FUNCIÓN: REPRESENTACIÓN PROCESAL DE LA PARTE Y AUXILIO DEL ÓRGANO JUDICIAL. Como se acaba de exponer en la definición de Procurador del art 3 EGPT, las funciones de los procuradores se pueden agrupar en dos grandes bloques: (1) la representación procesal y (2) la cooperación con la Administración de Justicia.

¿Qué es un Procurador y por qué es fundamental?

El procurador es un profesional del derecho, independiente, cuya principal misión es la representación procesal de las partes en cualquier procedimiento judicial. Esta representación se materializa a través de un poder expreso y suficiente, que le otorga la capacidad de actuar en nombre de su cliente ante los órganos jurisdiccionales. A diferencia del abogado, cuya función primordial es la defensa jurídica y el asesoramiento legal, el procurador se encarga de la gestión y seguimiento de los trámites procesales, garantizando la comunicación eficaz entre el tribunal y la parte representada, así como el cumplimiento de los plazos y formalidades exigidos por la ley.

Su existencia responde a la necesidad de mantener un canal profesionalizado y eficiente con la Administración de Justicia. El procurador es el garante de que las notificaciones lleguen a tiempo, los escritos se presenten en forma y los procedimientos avancen sin dilación por cuestiones meramente formales. En esencia, actúa como un facilitador indispensable que dota de agilidad y rigor a cada expediente judicial.

El Procurador No Ejerciente: ¿Puede representarse a sí mismo?

Una de las particularidades menos conocidas dentro de la profesión de procurador es la figura del procurador no ejerciente.
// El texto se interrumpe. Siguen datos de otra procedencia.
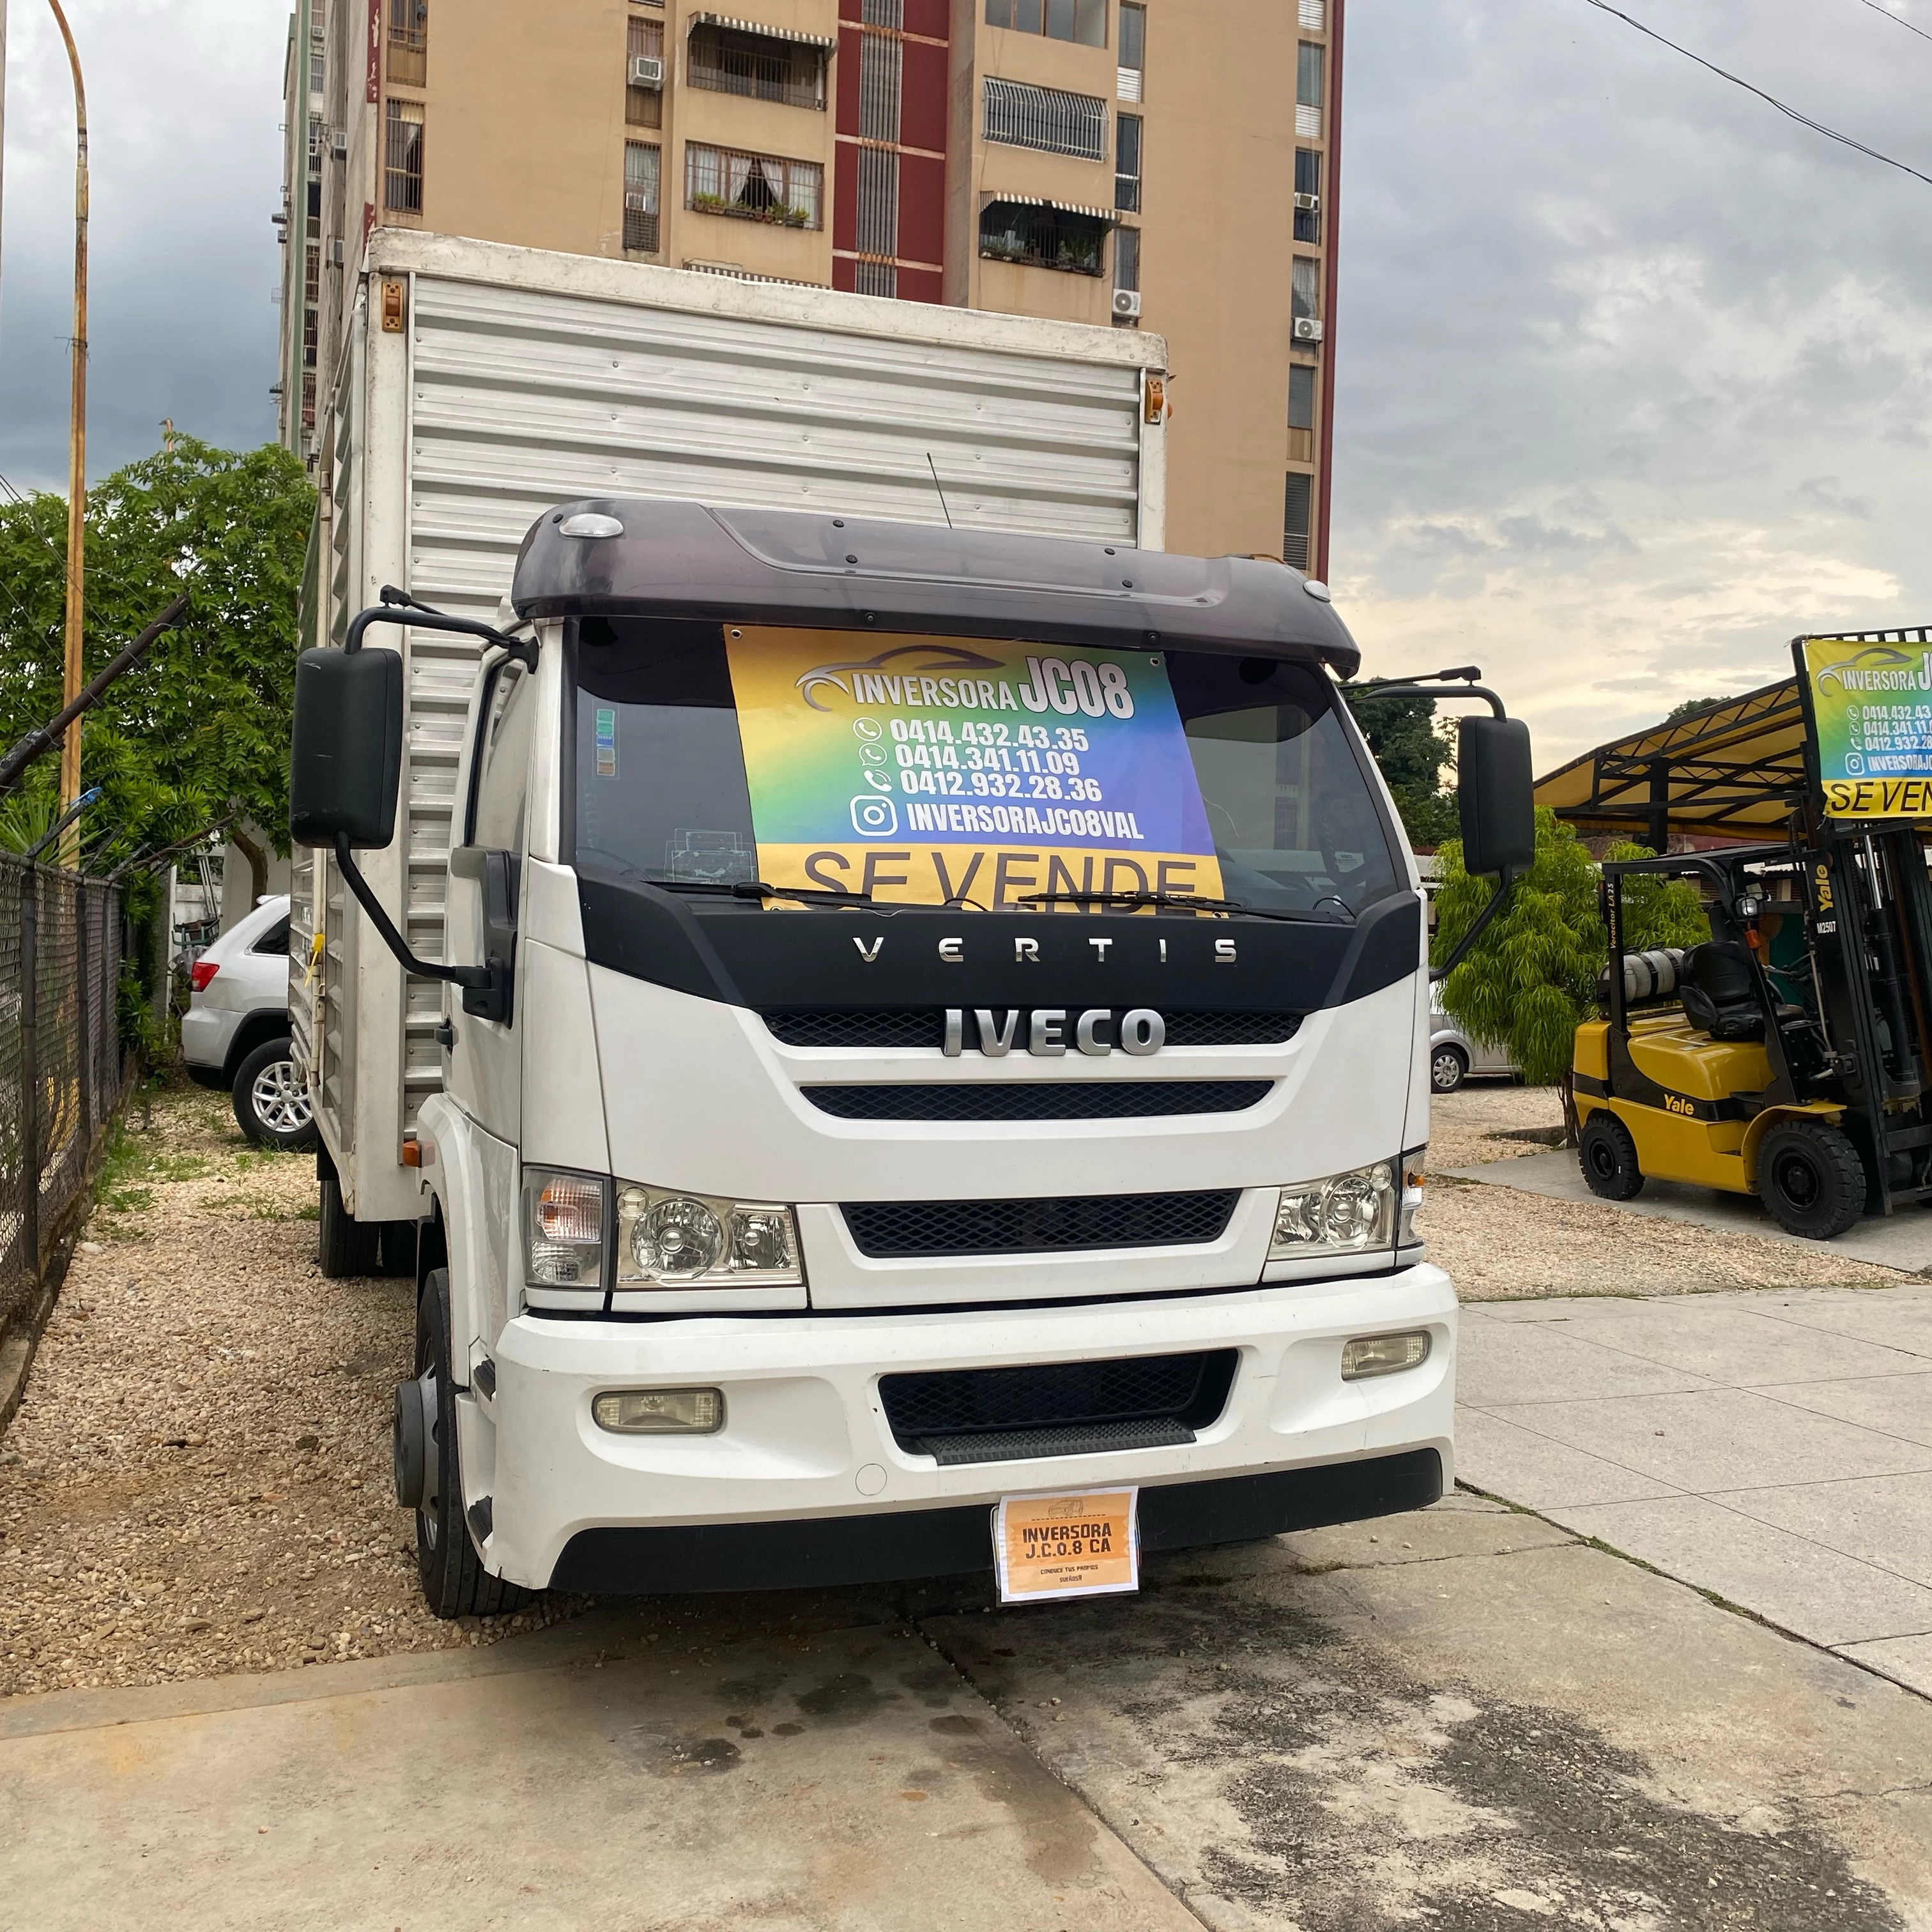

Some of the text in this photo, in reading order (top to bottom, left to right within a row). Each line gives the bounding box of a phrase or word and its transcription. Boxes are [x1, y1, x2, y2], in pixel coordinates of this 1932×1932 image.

[1842, 651, 1932, 691] INVERSORA J
[852, 673, 1020, 712] INVERSORA
[890, 718, 1089, 753] 0414.432.43.35
[894, 744, 1080, 776] 0414.341.11.09
[900, 770, 1103, 802] 0412.932.28.36
[1830, 782, 1874, 811] SE
[931, 852, 1197, 916] VENDE
[1815, 864, 1834, 912] Yale
[1816, 921, 1836, 934] M2507
[853, 937, 1237, 963] VERTIS
[942, 1009, 1165, 1057] IVECO
[1664, 1094, 1694, 1115] Yale
[1023, 1522, 1112, 1544] INVERSORA
[1089, 1537, 1111, 1554] CA
Este término se refiere a aquellos profesionales que, si bien poseen el título y la habilitación legal, no se encuentran en ejercicio activo de la profesión en los tribunales de forma regular. Surge la duda, naturalmente, sobre si un procurador en esta situación puede representarse a sí mismo o a sus familiares en un proceso judicial.

La Ley de Enjuiciamiento Civil (Ley 1/2000, de 7 de enero) establece en su artículo 23 que la comparecencia en juicio debe ser por medio de procurador legalmente habilitado. Sin embargo, históricamente, el Estatuto General de los Procuradores de los Tribunales (Real Decreto Núm. 1281/2002, de 5 de diciembre) preveía una excepción para el procurador no ejerciente. Originalmente, el artículo 17 de este estatuto permitía que un procurador no ejerciente que fuera parte en un proceso actuara por sí mismo, e incluso que representara a su cónyuge o familiares hasta el segundo grado de consanguinidad o afinidad.
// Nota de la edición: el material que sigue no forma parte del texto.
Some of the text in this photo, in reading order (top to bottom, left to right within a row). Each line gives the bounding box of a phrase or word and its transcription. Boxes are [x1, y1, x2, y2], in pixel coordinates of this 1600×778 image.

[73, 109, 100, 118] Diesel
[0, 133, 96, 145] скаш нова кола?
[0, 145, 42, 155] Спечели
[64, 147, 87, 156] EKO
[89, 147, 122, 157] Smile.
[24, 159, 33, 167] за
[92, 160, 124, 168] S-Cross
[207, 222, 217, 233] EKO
Para que esta posibilidad se hiciera efectiva, se exigían ciertos requisitos:

  • Que el proceso se sustanciara en el lugar de residencia del procurador no ejerciente.
  • Que el procurador obtuviera la previa autorización de la Junta de Gobierno del Colegio de Procuradores correspondiente al partido judicial. Se contemplaba también una habilitación provisional por parte del Decano.
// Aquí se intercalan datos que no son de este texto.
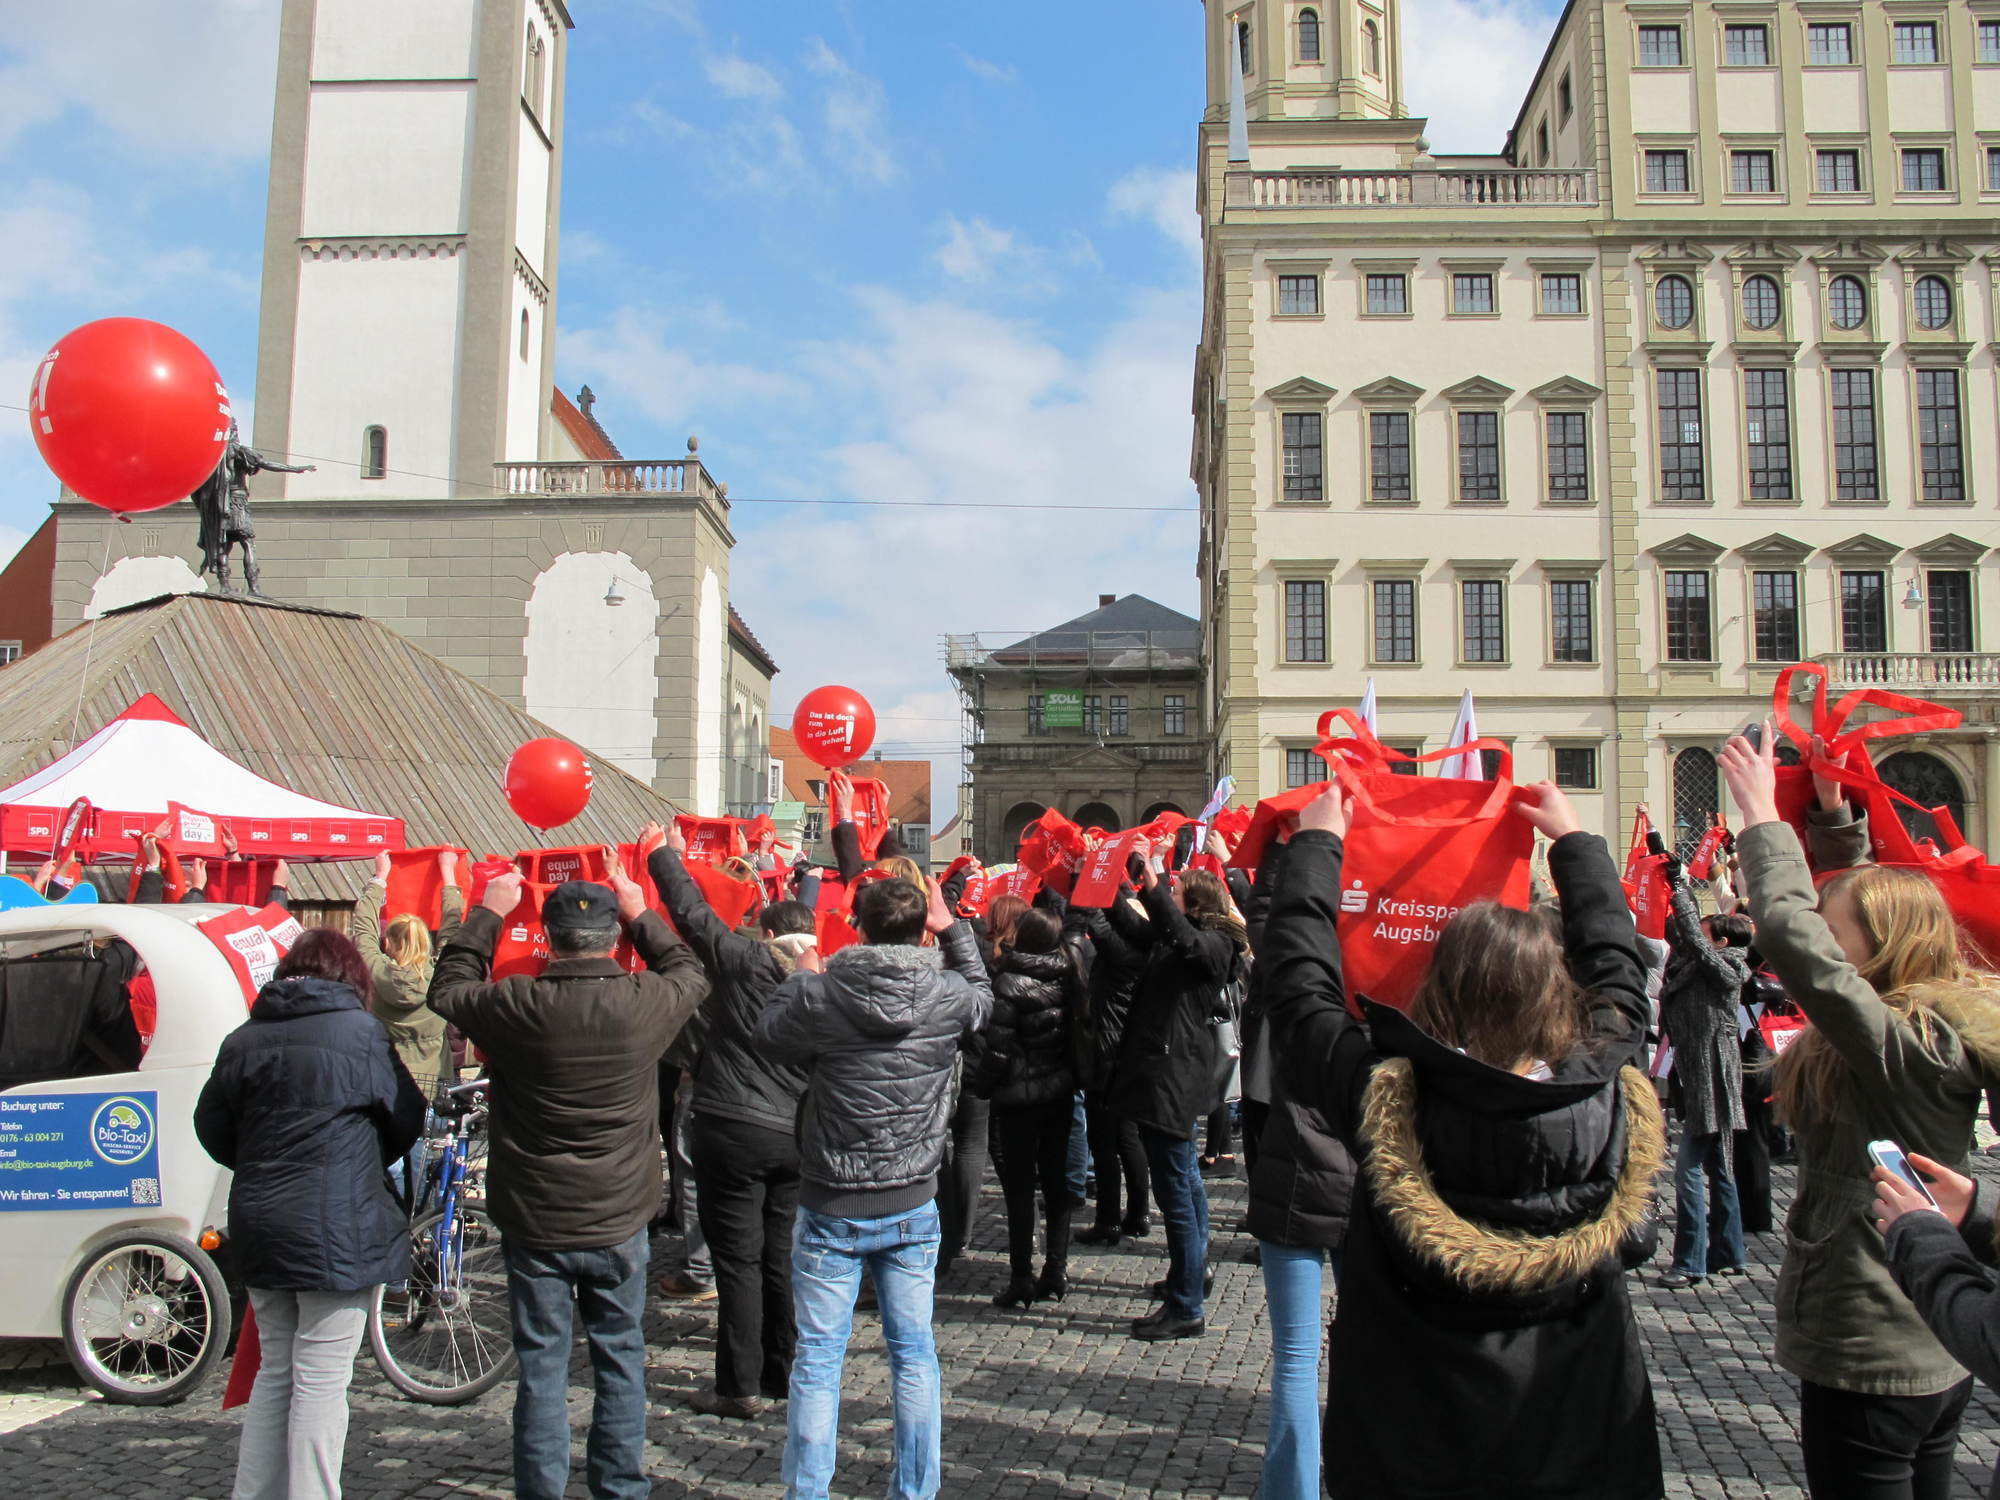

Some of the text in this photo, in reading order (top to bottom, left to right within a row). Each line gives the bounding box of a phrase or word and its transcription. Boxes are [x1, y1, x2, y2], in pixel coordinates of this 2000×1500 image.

[1047, 694, 1081, 704] SOLL
[829, 727, 845, 736] Luft
[30, 827, 50, 836] SPD
[252, 831, 269, 840] SPD
[292, 832, 309, 841] SPD
[330, 834, 347, 842] SPD
[367, 834, 384, 842] SPD
[547, 858, 580, 872] equal
[548, 870, 570, 883] pay
[1377, 897, 1459, 922] Kreisspa
[232, 928, 267, 950] equal
[246, 950, 267, 967] pay
[1, 1101, 65, 1113] Buchung unter:
[0, 1133, 18, 1142] 0176
[25, 1133, 34, 1142] 63
[35, 1132, 49, 1141] 004
[51, 1132, 64, 1141] 271
[98, 1127, 147, 1144] Bio-Taxi
[0, 1149, 17, 1157] Email
[0, 1190, 19, 1200] Wir
[21, 1189, 50, 1200] fahren
[57, 1189, 71, 1199] Sie
[73, 1187, 129, 1201] entspannen!
Es importante destacar que, si bien una sentencia del Tribunal Supremo (29/01/2004) declaró nulos los apartados tercero y cuarto de dicho artículo 17 del Estatuto, esta nulidad se centró en la posibilidad de que el procurador asumiera simultáneamente la representación y la defensa (función propia del abogado), no afectando a la capacidad de representarse a sí mismo. Por lo tanto, para que un procurador, sea ejerciente o no, pueda actuar por sí mismo, sigue siendo necesario que se cumplan los siguientes requisitos, derivados de la interpretación legal actual:

  • Que sea parte del proceso (actúe en su propio nombre).
  • Que el proceso se tramite en su lugar de residencia.
  • Que haya obtenido la autorización de la Junta de Gobierno de su Colegio de Procuradores o, en su defecto, la habilitación provisional del Decano.

Esta excepción subraya la confianza en la preparación del procurador para manejar los aspectos formales del proceso, incluso cuando actúa en causa propia.

Los Deberes y Atribuciones del Procurador: Un Mandato de Confianza

La relación entre el cliente y el procurador se rige por las normas del contrato de mandato, establecidas en los artículos 1709 y siguientes del Código Civil. Esto implica que, una vez aceptado el poder, el procurador asume una serie de obligaciones y responsabilidades que garantizan la diligencia y la lealtad en la defensa de los intereses de su poderdante.

El Otorgamiento del Poder: Tu Voluntad en Manos Expertas

Antes de que el procurador pueda ejercer sus funciones, es indispensable que el cliente le otorgue un poder. Este acto es el que legitima su representación. El artículo 24 de la Ley de Enjuiciamiento Civil establece las formas en que se puede conferir este poder:

  • Por comparecencia electrónica, a través de una sede judicial electrónica.
  • Ante notario.
  • Por comparecencia personal (presencial o por medios electrónicos) ante el Letrado de la Administración de Justicia de cualquier oficina judicial.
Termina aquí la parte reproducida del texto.